Anatomía de una derrota



Por: Andrés Hidalgo Castro



El tiempo es amigo de los buenos negocios; la prisa no es buena consejera, es precisamente el problema de muchas personas: no buscan soluciones, sino milagros. El apego a la idea de producir ganancias rápidas, genera que el trader no sea proactivo e idealice sus expectativas; esto conlleva a una constante interrupción del plan de inversión. El proceso para rentabilizar el dinero, exige determinación, voluntad y paciencia.

En ocasiones se sufre de manera absurda pensando: ‘si hubiera hecho tal inversión, habría ganado más’ o ‘si hubiera usado equis indicador, hubiese visto la oportunidad’, son pensamientos que siembran temores, inseguridades e impaciencia, de manera que, al comprender que existen tres tipos de riesgos: natural, inconsciente y moral, se entenderá que hay tanto derrotas sanas como beneficios tóxicos.
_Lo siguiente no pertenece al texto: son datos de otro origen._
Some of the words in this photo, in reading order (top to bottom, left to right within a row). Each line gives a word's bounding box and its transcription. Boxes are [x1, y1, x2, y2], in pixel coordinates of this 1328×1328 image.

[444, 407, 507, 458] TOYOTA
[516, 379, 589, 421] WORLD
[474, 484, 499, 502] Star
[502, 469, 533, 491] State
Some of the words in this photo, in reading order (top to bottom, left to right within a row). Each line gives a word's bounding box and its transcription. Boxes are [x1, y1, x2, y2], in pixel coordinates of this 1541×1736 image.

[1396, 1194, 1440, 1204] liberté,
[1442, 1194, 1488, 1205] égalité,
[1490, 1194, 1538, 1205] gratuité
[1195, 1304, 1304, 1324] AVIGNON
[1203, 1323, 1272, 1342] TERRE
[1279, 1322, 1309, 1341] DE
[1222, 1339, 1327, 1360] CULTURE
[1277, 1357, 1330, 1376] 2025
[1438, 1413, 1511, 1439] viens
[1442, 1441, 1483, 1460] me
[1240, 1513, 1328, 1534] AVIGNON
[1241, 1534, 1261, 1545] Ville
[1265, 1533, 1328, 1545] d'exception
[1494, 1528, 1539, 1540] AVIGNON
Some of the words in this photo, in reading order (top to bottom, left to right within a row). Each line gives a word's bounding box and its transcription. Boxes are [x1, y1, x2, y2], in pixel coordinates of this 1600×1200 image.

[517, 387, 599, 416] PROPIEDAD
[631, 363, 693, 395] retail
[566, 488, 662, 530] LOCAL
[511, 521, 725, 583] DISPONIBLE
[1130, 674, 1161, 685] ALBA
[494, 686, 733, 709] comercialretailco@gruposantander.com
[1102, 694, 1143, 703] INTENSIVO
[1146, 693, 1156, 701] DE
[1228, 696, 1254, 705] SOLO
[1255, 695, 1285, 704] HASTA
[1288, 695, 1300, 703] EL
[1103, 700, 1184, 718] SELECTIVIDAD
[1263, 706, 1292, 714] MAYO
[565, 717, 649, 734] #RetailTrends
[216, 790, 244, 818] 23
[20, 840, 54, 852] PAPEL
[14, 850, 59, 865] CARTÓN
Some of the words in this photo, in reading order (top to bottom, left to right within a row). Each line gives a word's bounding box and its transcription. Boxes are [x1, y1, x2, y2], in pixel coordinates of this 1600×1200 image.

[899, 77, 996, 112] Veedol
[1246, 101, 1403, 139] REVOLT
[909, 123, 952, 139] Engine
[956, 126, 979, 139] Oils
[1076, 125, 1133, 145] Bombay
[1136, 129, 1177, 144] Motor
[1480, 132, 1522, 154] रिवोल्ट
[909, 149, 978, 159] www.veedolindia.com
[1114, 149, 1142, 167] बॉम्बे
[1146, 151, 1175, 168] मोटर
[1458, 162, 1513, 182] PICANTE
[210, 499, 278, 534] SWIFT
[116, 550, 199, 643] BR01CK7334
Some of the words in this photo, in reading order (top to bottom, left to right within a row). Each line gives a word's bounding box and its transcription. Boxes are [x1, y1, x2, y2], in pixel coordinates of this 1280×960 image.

Aquí hallamos una paradoja: el fracaso provocado por la victoria.

Triunfos pírricos

La satisfacción inmediata frente a la futura es un montaje mental, el cual induce a alcanzar falsos triunfos, el placer de la recompensa rápida, arrastra a decisiones que en promedio no benefician a largo plazo, pero la zona de confort gestionada por el pensamiento cortoplacista, es sumamente agradable; quien promete ahorrar, invertir, bajar de peso, comer sano, no apostar o dejar el cigarrillo, incumplirá el propósito, al menos que se recurra al miedo para despertar del letargo, dicho de otro modo, tocar fondo o dimensionar su profundidad.

Es atractiva la idea de obtener una gran rentabilidad de un día para otro, sin correcciones extensas del precio, operaciones negativas y tendencias frágiles. El cortoplacista no sabe usar el tiempo para reducir el riesgo; si bien, cuenta con una estrategia que promete beneficios inmediatos, al perder dinero descubre que el periodo para recuperarlo es lento, realidad que viaja en contravía de sus expectativas.

El beneficio de perder a tiempo

No confundir al inversionista que planifica utilidades a corto plazo, con el individuo cortoplacista, pues el primero falla rápido, para evitar fracasar a lo grande, considera que deshacerse a tiempo de una operación es más importante que entrar; en paralelo con el segundo individuo quien ante una pérdida segura, opta por arriesgar más, sólo para intentar no perder. Por ejemplo: arriesga la totalidad del capital a cambio de recuperar una pérdida del 40%.

Perder dinero puede ser considerado un mala augurio, no obstante, es prioritario cambiar esta actitud, si su plan de trading está correctamente articulado, un stop loss representa el precio a pagar a cambio de perseguir la gran oportunidad, si bien hoy exige renunciar a parte del capital, llegará el día de la gran recompensa.